Hyejin Yoon f986315582
doc: Acryl to DataHub, datahubproject.io to datahub.com (#13252)
Co-authored-by: Jay <159848059+jayacryl@users.noreply.github.com>
2025-04-28 10:34:33 -04:00

7.3 KiB
Raw Permalink Blame History

import Tabs from '@theme/Tabs'; import TabItem from '@theme/TabItem';

Compliance Forms

Why Would You Use Compliance Forms?

DataHub Compliance Forms streamline the process of documenting, annotating, and classifying your most critical Data Assets through a collaborative, crowdsourced approach.

With Compliance Forms, you can execute large-scale compliance initiatives by assigning tasks (e.g., documentation, tagging, or classification requirements) to the appropriate stakeholders — data owners, stewards, and subject matter experts.

Learn more about forms in the Compliance Forms Feature Guide.

Goal Of This Guide

This guide will show you how to

  • Create, Update, Read, and Delete a form
  • Assign and Remove a form from entities

Prerequisites

For this tutorial, you need to deploy DataHub Quickstart and ingest sample data. For detailed information, please refer to Datahub Quickstart Guide.

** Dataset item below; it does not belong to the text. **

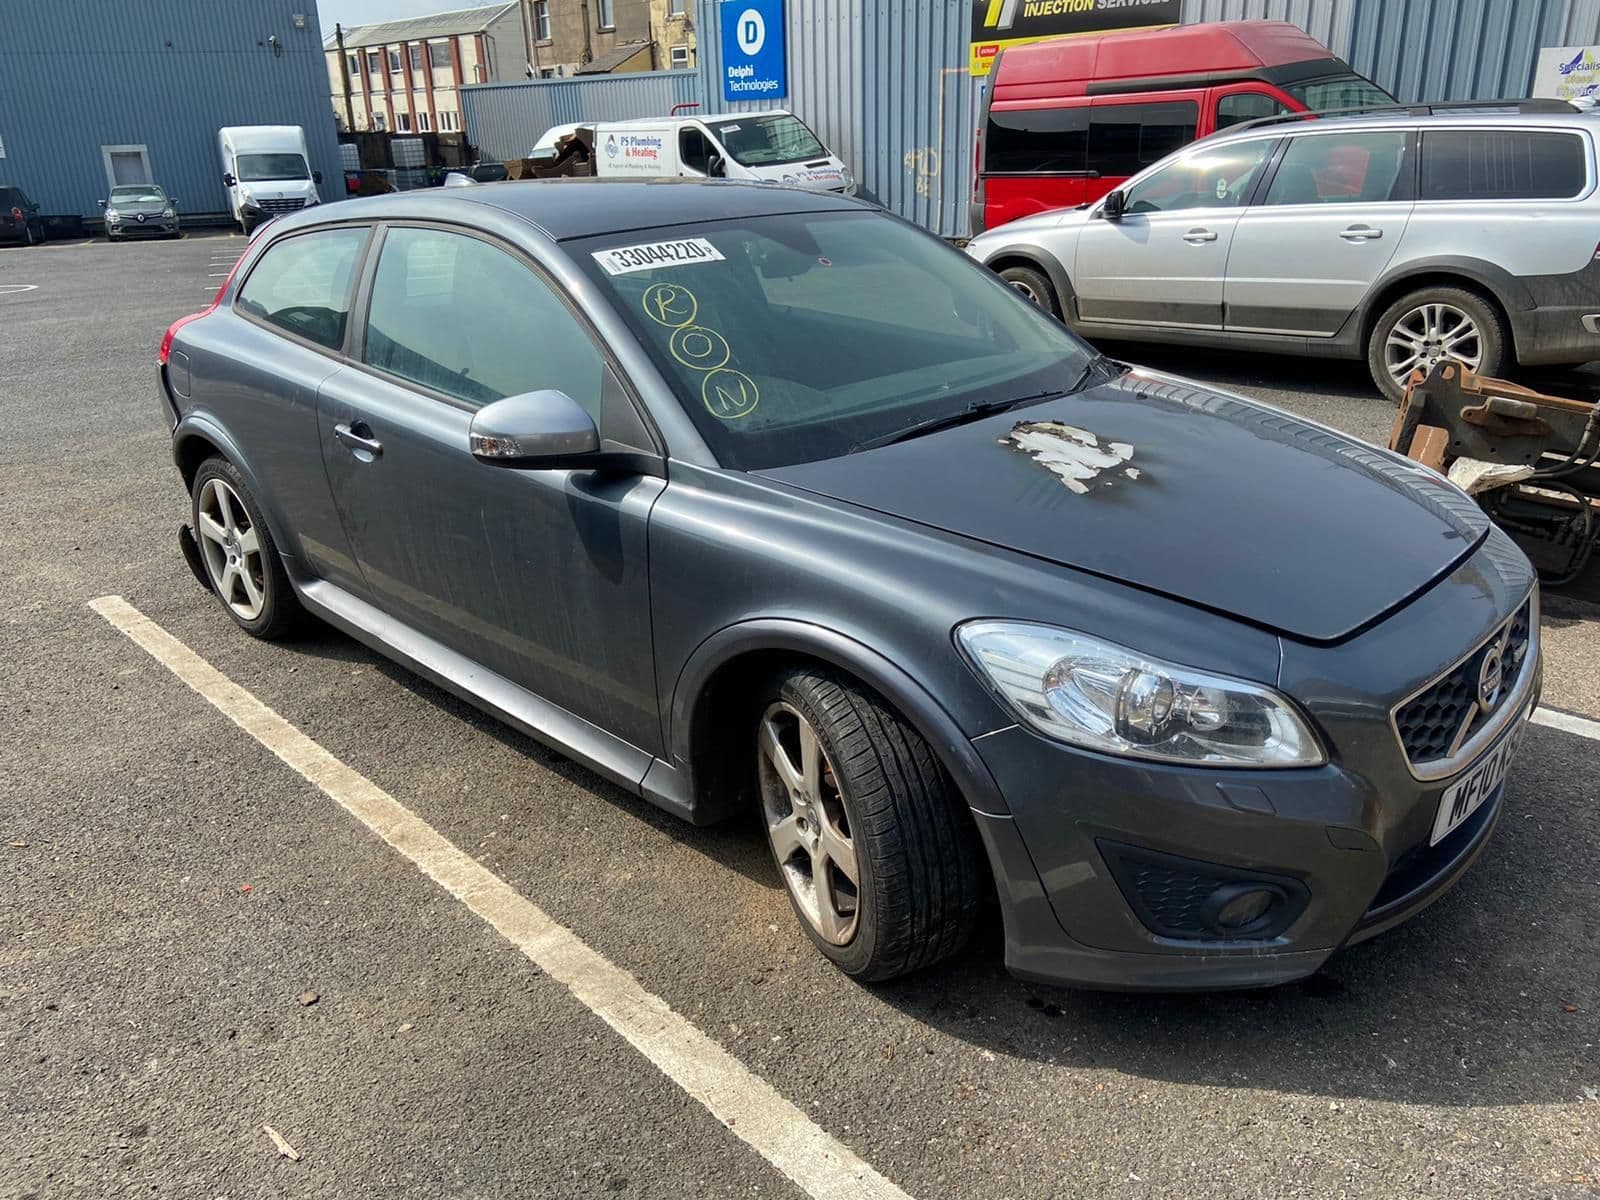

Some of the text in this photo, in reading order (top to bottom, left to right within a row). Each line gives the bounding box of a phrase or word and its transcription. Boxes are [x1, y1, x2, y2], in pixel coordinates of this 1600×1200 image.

Install the relevant CLI version. Forms are available as of CLI version 0.13.1. The corresponding DataHub Cloud release version is v0.2.16.5 Connect to your instance via init:

  1. Run datahub init to update the instance you want to load into
  2. Set the server to your sandbox instance, https://{your-instance-address}/gms
  3. Set the token to your access token

Create a Form

mutation createForm {
  createForm(
    input: {
      id: "metadataInitiative2024"
      name: "Metadata Initiative 2024"
      description: "How we want to ensure the most important data assets in our organization have all of the most important and expected pieces of metadata filled out"
      type: VERIFICATION
      prompts: [
        {
          id: "123"
          title: "retentionTime"
          description: "Apply Retention Time structured property to form"
          type: STRUCTURED_PROPERTY
          structuredPropertyParams: {
            urn: "urn:li:structuredProperty:retentionTime"
          }
        }
      ]
      actors: {
        users: [
          "urn:li:corpuser:jane@email.com"
          "urn:li:corpuser:john@email.com"
        ]
        groups: ["urn:li:corpGroup:team@email.com"]
      }
    }
  ) {
    urn
  }
}

Create a yaml file representing the forms youd like to load. For example, below file represents a form 123456 You can see the full example here.

- id: 123456
  # urn: "urn:li:form:123456"  # optional if id is provided
  type: VERIFICATION # Supported Types: COMPLETION(DOCUMENTATION), VERIFICATION
  name: "Metadata Initiative 2023"
  description: "How we want to ensure the most important data assets in our organization have all of the most important and expected pieces of metadata filled out"
  prompts:
    - id: "123"
      title: "Retention Time"
      description: "Apply Retention Time structured property to form"
      type: STRUCTURED_PROPERTY
      structured_property_id: io.acryl.privacy.retentionTime
      required: True # optional, will default to True
  entities: # Either pass a list of urns or a group of filters. This example shows a list of urns
    urns:
      - urn:li:dataset:(urn:li:dataPlatform:hdfs,SampleHdfsDataset,PROD)
  # optionally assign the form to a specific set of users and/or groups
  # when omitted, form will be assigned to Asset owners
  actors:
    users:
      - urn:li:corpuser:jane@email.com # note: these should be urns
      - urn:li:corpuser:john@email.com
    groups:
      - urn:li:corpGroup:team@email.com # note: these should be urns

:::note Note that the structured properties and related entities should be created before you create the form. Please refer to the Structured Properties Tutorial for more information. :::

You can apply forms to either a list of entity urns, or a list of filters. For a list of entity urns, use this structure:

entities:
urns:
  - urn:li:dataset:...

For a list of filters, use this structure:

entities:
filters:
  types:
    - dataset  # you can use entity type name or urn
  platforms:
    - snowflake  # you can use platform name or urn
  domains:
    - urn:li:domain:finance  # you must use domain urn
  containers:
    - urn:li:container:my_container  # you must use container urn

Note that you can filter to entity types, platforms, domains, and/or containers.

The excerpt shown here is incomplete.